**What the exercise asks:** For this exercise, return all the data word for word, with images left out.

**The records:**
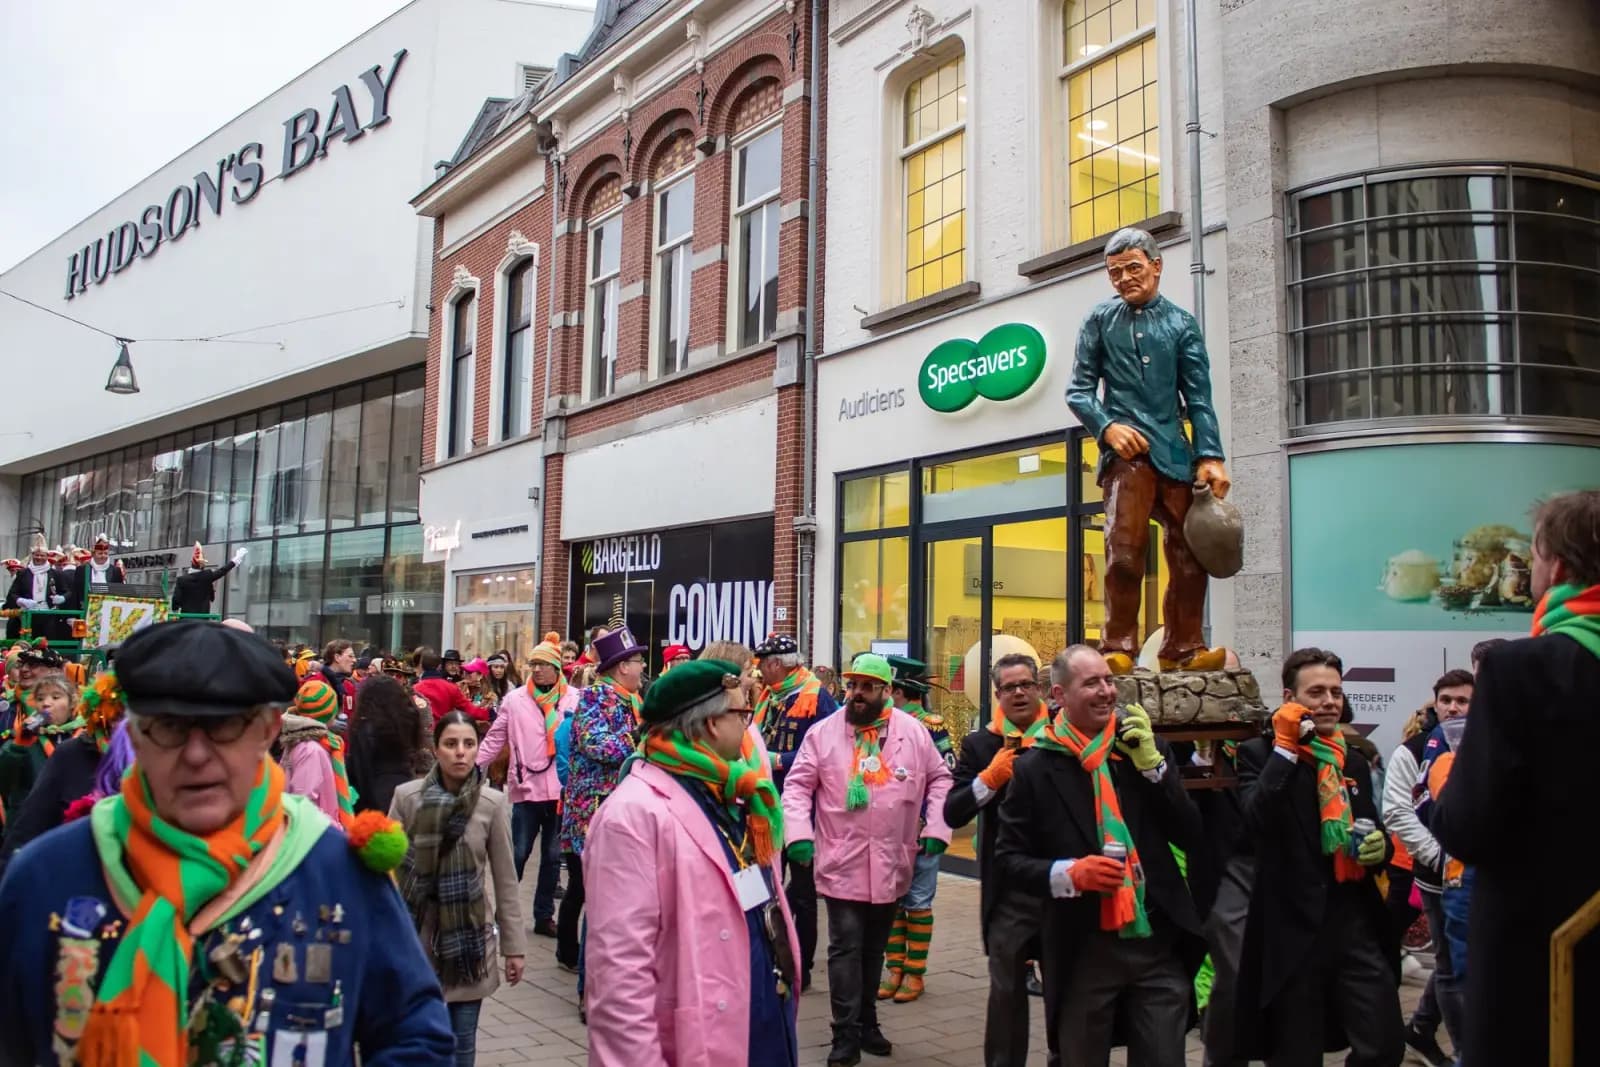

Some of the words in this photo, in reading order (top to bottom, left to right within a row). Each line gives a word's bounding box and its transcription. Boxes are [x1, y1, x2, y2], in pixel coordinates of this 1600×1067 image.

[64, 142, 263, 299] HUDSON'S
[279, 48, 408, 179] BAY
[927, 345, 1028, 392] Specsavers
[838, 387, 906, 422] Audiciens
[592, 533, 661, 575] BARGELLO
[972, 577, 1004, 590] Des

**Response below:**
Some of the words in this photo, in reading order (top to bottom, left to right within a row). Each line gives a word's bounding box and its transcription. Boxes are [x1, y1, x2, y2], in pixel coordinates of this 1600×1067 image.

[64, 142, 263, 299] HUDSON'S
[279, 48, 408, 179] BAY
[927, 345, 1028, 392] Specsavers
[838, 387, 906, 422] Audiciens
[592, 533, 661, 575] BARGELLO
[972, 577, 1004, 590] Des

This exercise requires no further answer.